The penalty is large by FTC standards, but other regulatory bodies recently have imposed much larger consumer protection fines:
- Capital One Financial Corp. must refund $150 million to consumers and pay a $60 million penalty to the Consumer Financial Protection Bureau after allegations of deceptive ad practices, the regulator said July 18.
- Wells Fargo Bank must pay $175 million because its independent brokers discriminated against black and Hispanic borrowers, a Justice Department probe found July 12.
- GlaxoSmithKline, the pharmaceutical company, must pay $3 billion to resolve fraud allegations over its promotion of drugs and failure to report safety data. That July 2 settlement is one of several between drug companies and the Justice Department over improper marketing.

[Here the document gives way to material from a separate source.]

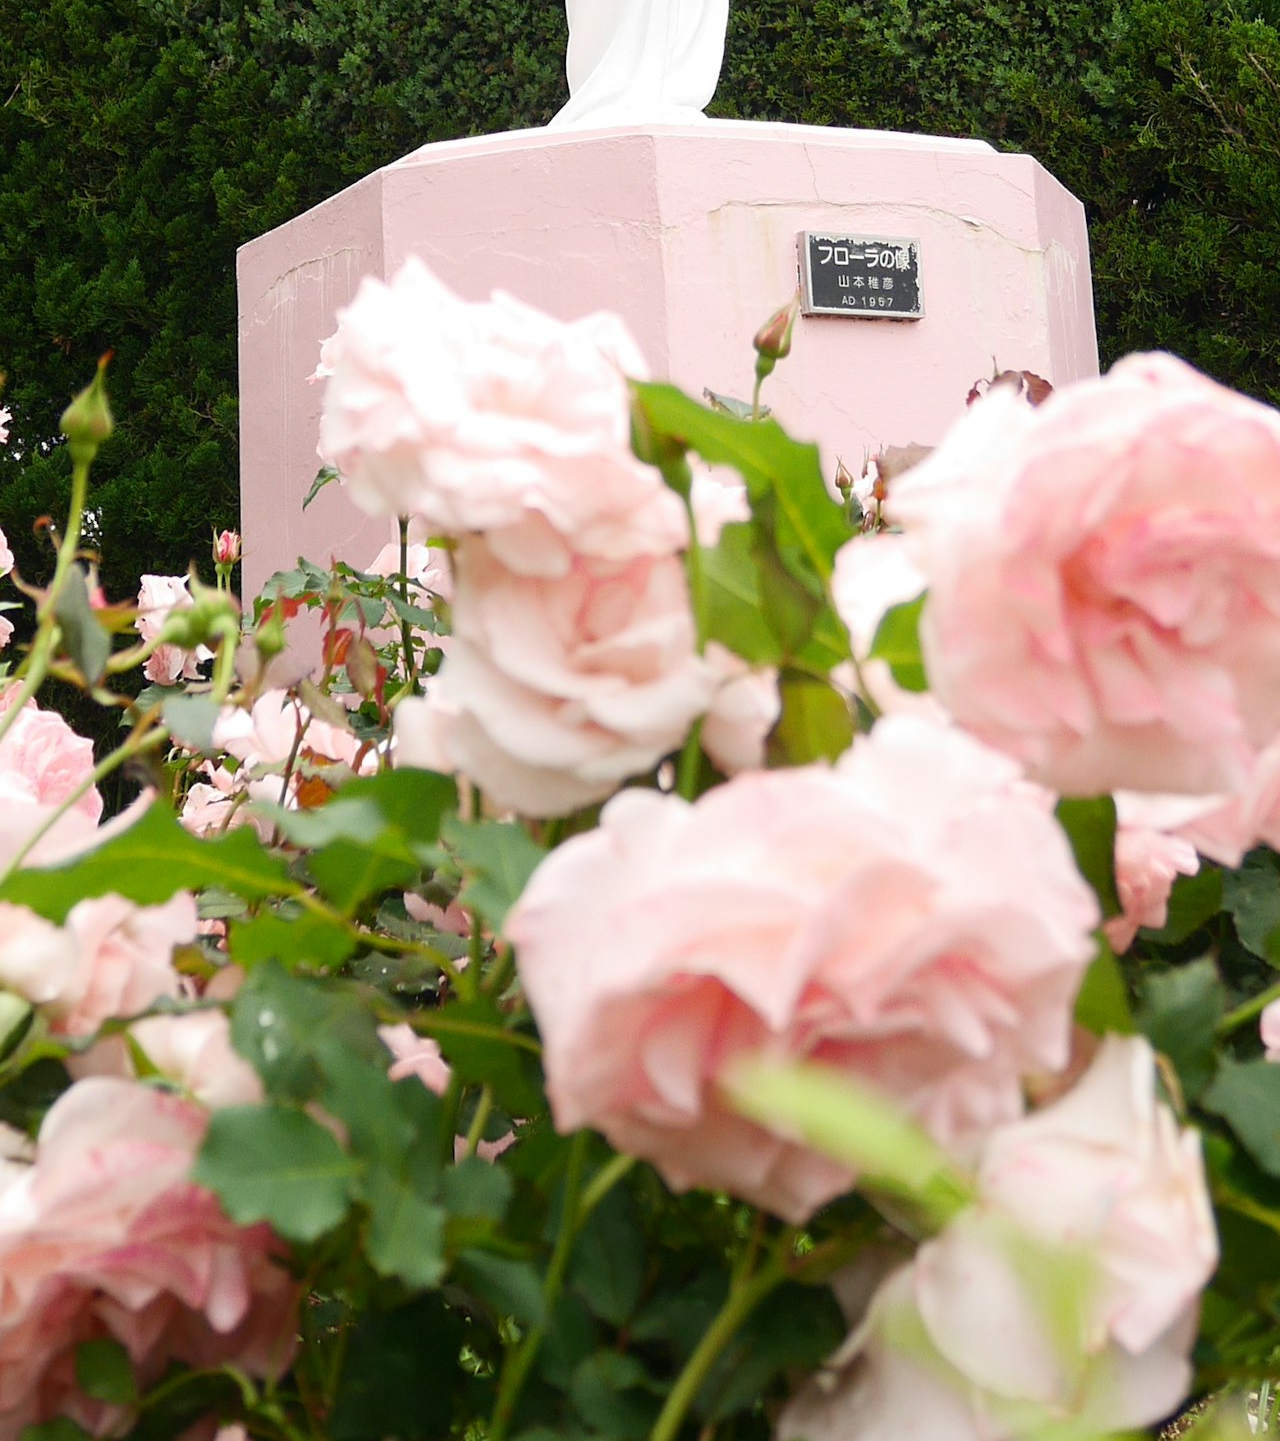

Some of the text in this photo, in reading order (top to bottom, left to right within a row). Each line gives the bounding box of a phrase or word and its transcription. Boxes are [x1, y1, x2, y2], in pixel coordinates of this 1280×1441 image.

[818, 246, 910, 271] フローラの像
[841, 295, 856, 306] AD
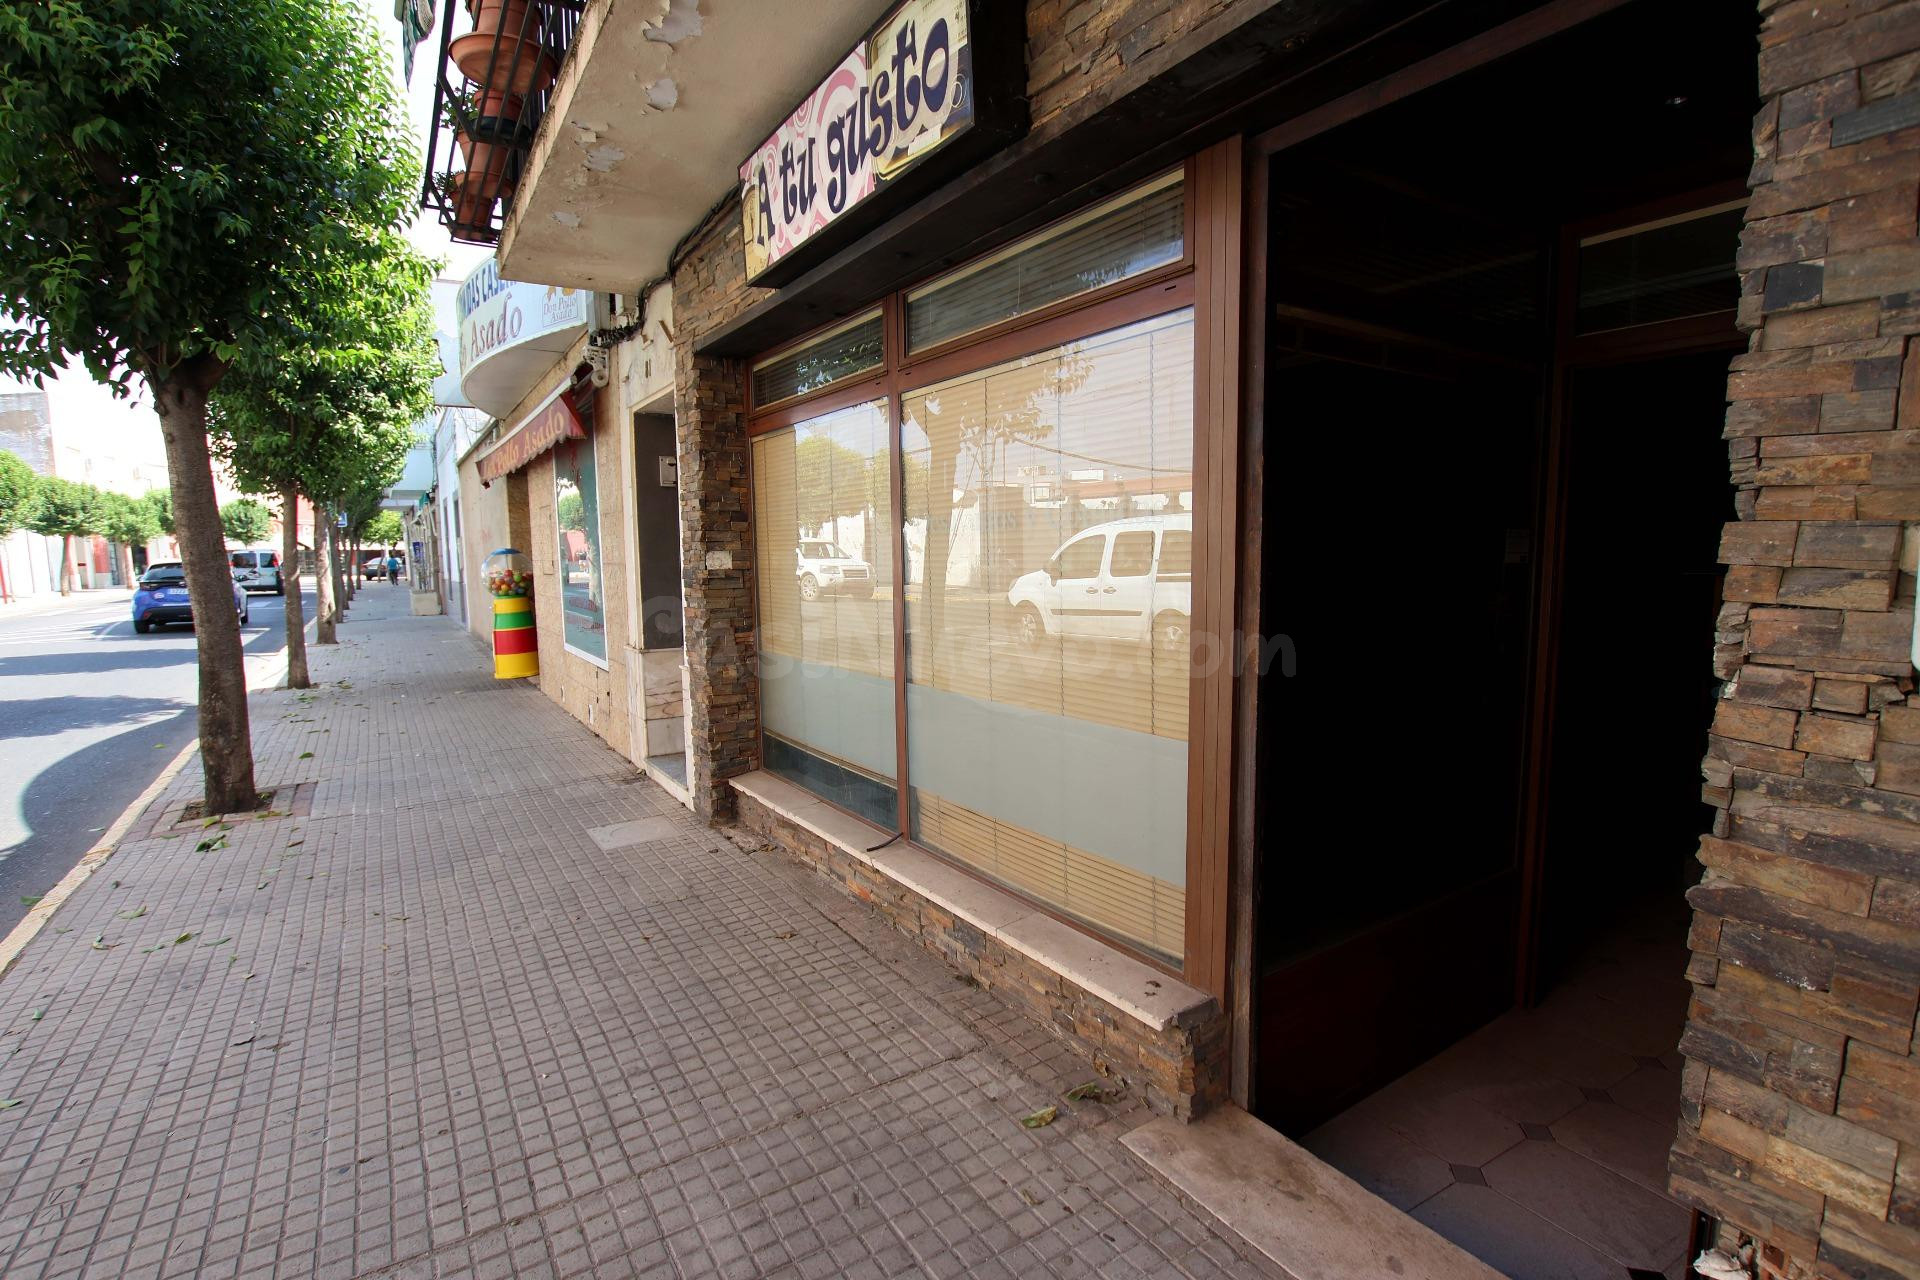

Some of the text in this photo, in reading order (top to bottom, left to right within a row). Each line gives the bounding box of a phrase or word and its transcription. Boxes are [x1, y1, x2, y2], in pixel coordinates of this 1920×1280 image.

But could the FTC have imposed a higher penalty?
Google promised the FTC last year it would not mislead customers about its privacy practices. That pledge came in a settlement over Google Buzz, a short-lived social network that publicized users' data without their permission. The FTC could have penalized Google $16,000 per day for violating that agreement, and more if they counted each affected Safari user a violation.
It's unclear how many Safari users Google affected. Asked that question in a Twitter chat Thursday, the FTC responded, "Hard to know exactly. Est 190M Safari users worldwide but not all saw Google's missteps."
James Kohm, the FTC's associate director for enforcement, said the FTC's goal was not to "cripple" Google or put it at a competitive disadvantage, but to send it and other privacy violators a warning that they would be under close scrutiny.
Vladeck said the penalty is based on "some multiple of sort of the company's ill-gotten gains" as well as other factors. He said the goal was to punish Google for misrepresenting what it did with user data. Pamela Jones Harbour, a former FTC commissioner, said when negotiating a settlement, the agency typically considers factors that include "the nature of the violation, the amount of revenue received by the defendant(s), the length of time the violation continued, the financial resources of the defendant, the impact to consumers, the potential deterrent effect, and the potential impact on the marketplace."
It's worth noting that the FTC did not force Google to admit to any privacy violation, a fact that Rosch also criticized in his dissent of the penalty. "There is nothing to prevent future respondents with fewer resources than Google and with lower profiles than Google ... from denying liability in the future too," Rosch wrote.
In a statement responding to Rosch, the other four commissioners responded: "With a company of Google's size, almost any penalty can be dismissed as insufficient. But it is hardly inconsequential to impose a $22.5 million civil penalty when the accompanying complaint does not allege that the conduct at issue yielded significant revenue or endured for a significant period of time."
In February, The Wall Street Journal and a researcher at Stanford University showed that Google was circumventing privacy controls in the Safari browser to place tiny bits of data known as cookies onto users' devices. Cookies are commonly used to track users' online habits. In response to the revelations, the search giant began removing the cookies the same month.
Others, including Sen. Richard Blumenthal, D-Conn., and Sen. Edward Markey, D-Mass., applauded the settlement.
But others said the even though the fine seemed low, cracking down on Google was still an important step for the FTC.
"I think it's less about the amount of the fine, which is extraordinarily small," said Dan Auerbach, a technologist at the Electronic Frontier Foundation, which advocates for greater privacy. "This is more a message that the FTC is sending — we take this stuff seriously and you better do that, too."